Kontroverse Debatte um Familienplanung
Neben der Förderung von Wirtschaftswachstum sieht Cilliers deshalb noch eine weitere wichtige Aufgabe, um Wohlstand in Afrika zu schaffen: "Afrika muss seine Demographie-Herausforderung angehen", sagt er. In der Studie zitiert er Ergebnisse aus der Bevölkerungsforschung: Demnach müsste die Geburtenrate in Afrika gesenkt werden, um das Verhältnis zwischen arbeitender Bevölkerung und ihren Familienangehörigen zu verändern. Momentan liegt sie bei durchschnittlich 4,8 Kindern pro Frau.

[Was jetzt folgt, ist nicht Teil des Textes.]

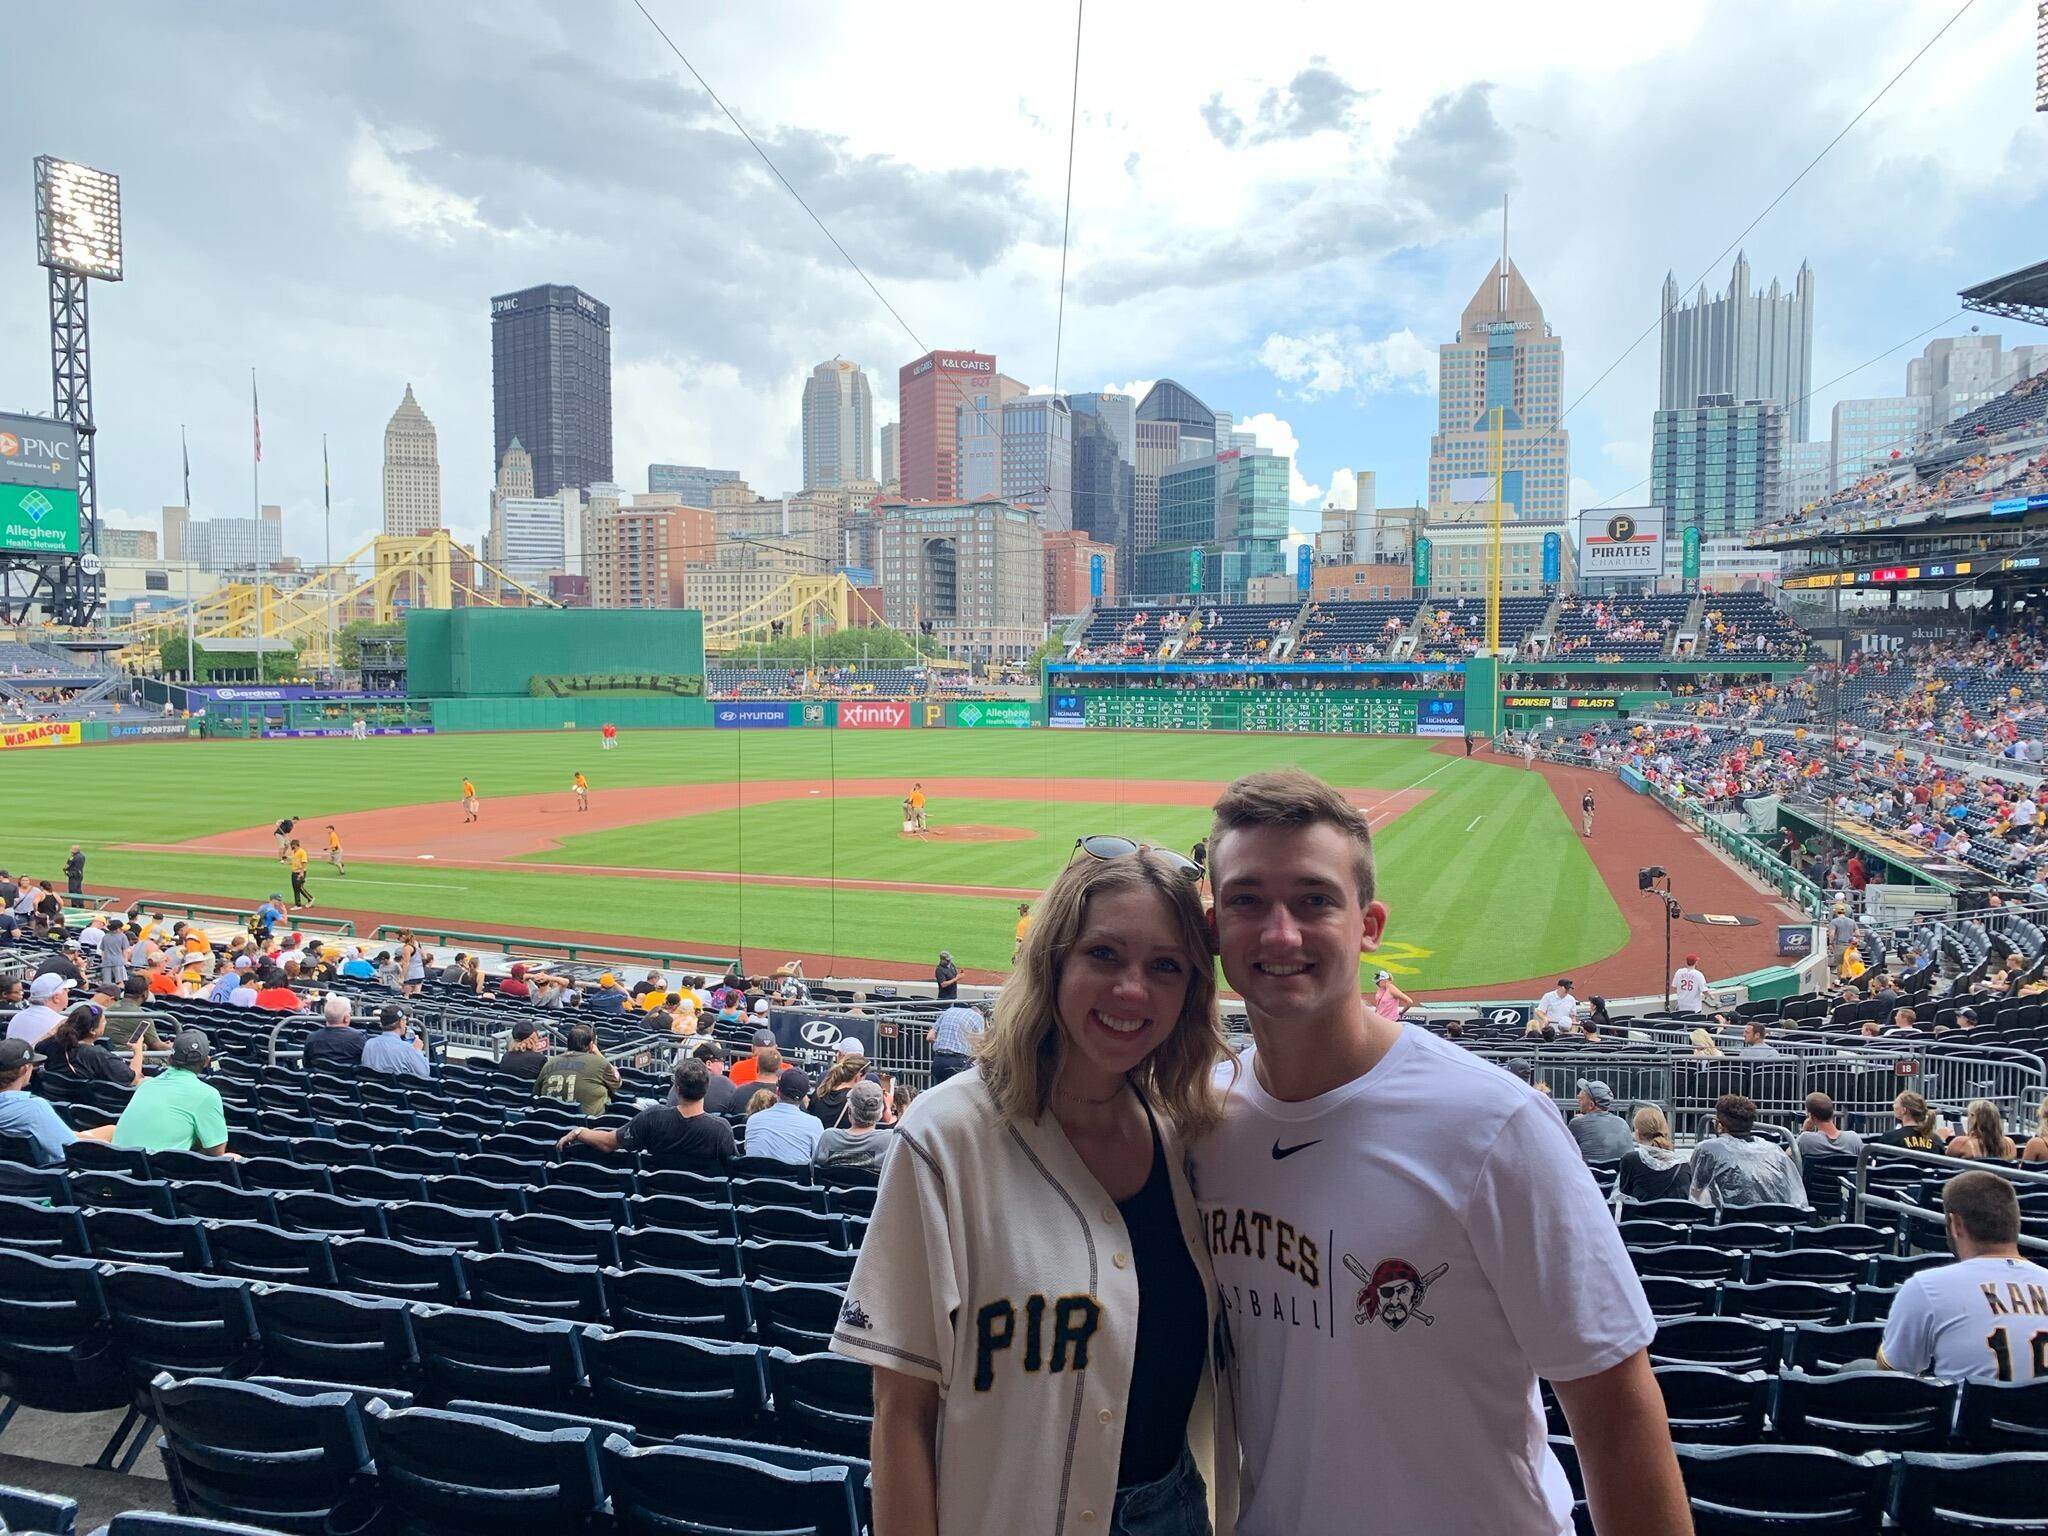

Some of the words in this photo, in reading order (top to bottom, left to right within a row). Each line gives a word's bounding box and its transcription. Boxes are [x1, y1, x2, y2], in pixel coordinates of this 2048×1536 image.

Andere Länder, die vor 50 oder 60 Jahren noch ähnliche Armutsraten aufwiesen wie afrikanische Staaten, sind diesen Weg bereits gegangen. In vielen asiatischen Staaten steigt das Durchschnittsalter an. Auch die Armut sinkt in diesen Länden deutlich, zum Beispiel Indien: Dort sollen die Armutsraten bis 2030 von derzeit 17 auf drei Prozent sinken.
"Das ist aber eine kontroverse Debatte, die in Afrika selbst geführt werden muss", warnt Cilliers. Da es in vielen Ländern keine Sozialsysteme gibt, bekommen viele Paare auch deswegen mehrere Kinder, um im Alter und in Notlagen versorgt zu sein.
In der Vergangenheit lehnten manche afrikanische Staatschefs solche Diskussionen als Einmischung des Westens ab und verwiesen oft auf die afrikanische Tradition der Großfamilie. Ugandas Präsident Yoweri Museveni beispielsweise pries das rasante Bevölkerungswachstum seines Landes lange als Motor für die wirtschaftliche Entwicklung. Erst seit kurzer Zeit äußert er sich deutlich verhaltener.
Auch viele Glaubensgemeinschaften lehnen eine Debatte über Bevölkerungskontrolle ab: "Afrika ist ein sehr religiöser Kontinent. Wir müssen daher nicht nur mit den politischen, sondern auch mit den religiösen Führungspersönlichkeiten sprechen", sagt Frank Heinrich, stellvertretender Vorsitzender des Arbeitskreises Afrika der CDU-Bundestagsfraktion.
Investitionen in Gesundheitssysteme und Bildung nötig
Die Studie schlägt Geberländern und afrikanischen Regierungen vor, in den Bildungsbereich und den Ausbau der Gesundheitssysteme zu investieren. Doch die USA - bisher der größte Geber für Gesundheitsversorgung weltweit - haben eine Kehrtwende vollzogen. Die Trump-Regierung finanziert die Arbeit von Hilfsorganisationen nur noch, wenn sie Abtreibungen vollständig ablehnen.
Andere Geber räumten dem Thema wenig Priorität ein, sagt der Vorsitzende der Deutschen Afrika-Stiftung, Ingo Badoreck. Der UN-Bevölkerungsfonds UNFPA sei "in absurdem Maße unterfinanziert", so Badoreck. Auch Deutschland könne viel mehr tun.